MALAI KOFTA
Ingredients:
For the Kofta:
Potatoes: 4-5
Crumbled paneer: 1 cup
Cashewnut chopped: 4-5
Maida - 50 Gms
Raisins: 1tsp
Roasted cumin powder: 1 tsp
Red-chilli powder: 1tsp
Salt To Taste
Oil for frying the Kofta
For the gravy
Onions: 2 large
Tomatoes: 2 Medium
Ginger-Garlic-Green chillies paste: 1tsp
Red-chilli powder: 1tsp
Garam masala powder: ½ tsp
Coriander powder: 1 tsp
Cumin powder: ½ tsp
Turmeric Powder: ½ tsp
Milk Powder: 3 tsp
Sugar: 1/2 tsp
Cashewnut paste: 6-7 tsp
Oil for cooking
Method:
For the Kofta:
·
- Boil the potatoes, peel and smash them
- Mix all the other ingredients for the Kofta into a paste.
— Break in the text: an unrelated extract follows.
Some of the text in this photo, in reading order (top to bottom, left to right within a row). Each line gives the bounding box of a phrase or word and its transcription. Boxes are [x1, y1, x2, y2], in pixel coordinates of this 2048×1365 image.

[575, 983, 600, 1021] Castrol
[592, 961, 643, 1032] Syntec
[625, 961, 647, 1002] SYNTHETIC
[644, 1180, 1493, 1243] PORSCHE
- Make rounds of the potato and paneer dough stuffed rounds.
- Deep fry each Kofta till golden brown. Drain and keep aside.
- Your kofta is ready
- Boil the onions and grind them into a smooth paste
- Blanch the tomatoes and make a puree out of it.
- Mix milk powder into lukewarm water and keep aside.
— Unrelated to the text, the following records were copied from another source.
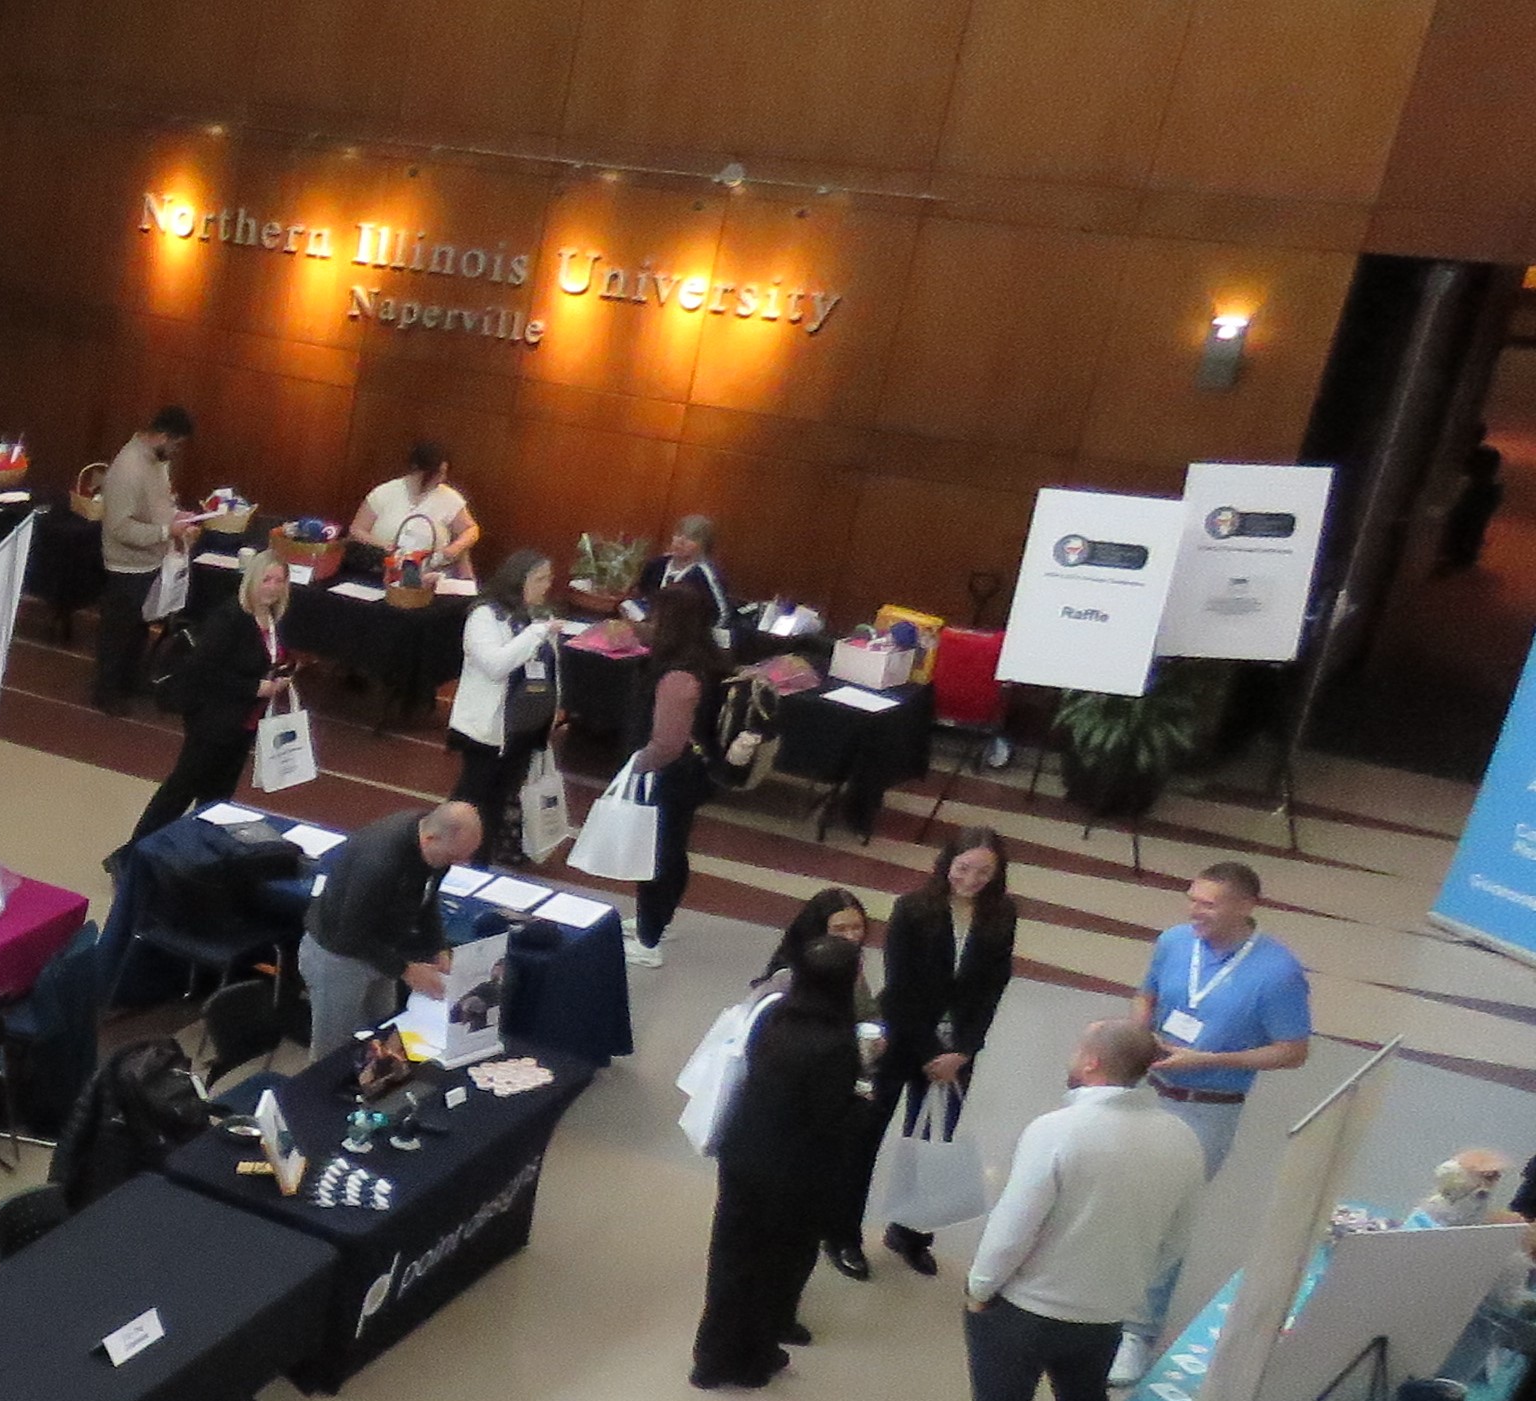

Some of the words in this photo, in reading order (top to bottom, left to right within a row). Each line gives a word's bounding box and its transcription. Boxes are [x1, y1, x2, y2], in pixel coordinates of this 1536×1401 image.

[138, 191, 333, 259] Northern
[352, 221, 530, 286] Illinois
[559, 248, 842, 333] University
[348, 284, 545, 345] Naperville
[1061, 606, 1109, 623] Raffle
- Hear oil in a kadhai add onion paste and ginger garlic paste and fry till the onions turns its colors to brown in colors
- Add Cashewnut paste and mix well. Fry till oil start separating from behind.
- Add the pureed tomatoes and the masala powders.
- Add the sugar .Mix well.
- Add milk powder dissolved in water and mix well.
- The gravy will begin to thicken.
- Mix in some water if necessary.
- When the gravy comes to a boil, simmer it for another 5 minutes on medium heat
- To serve place warm kofta in a casserole and pour boiling hot gravy on the kofta.
- Garnish with grated cheese and chopped coriander.
- Serve hot with naan or Paratha.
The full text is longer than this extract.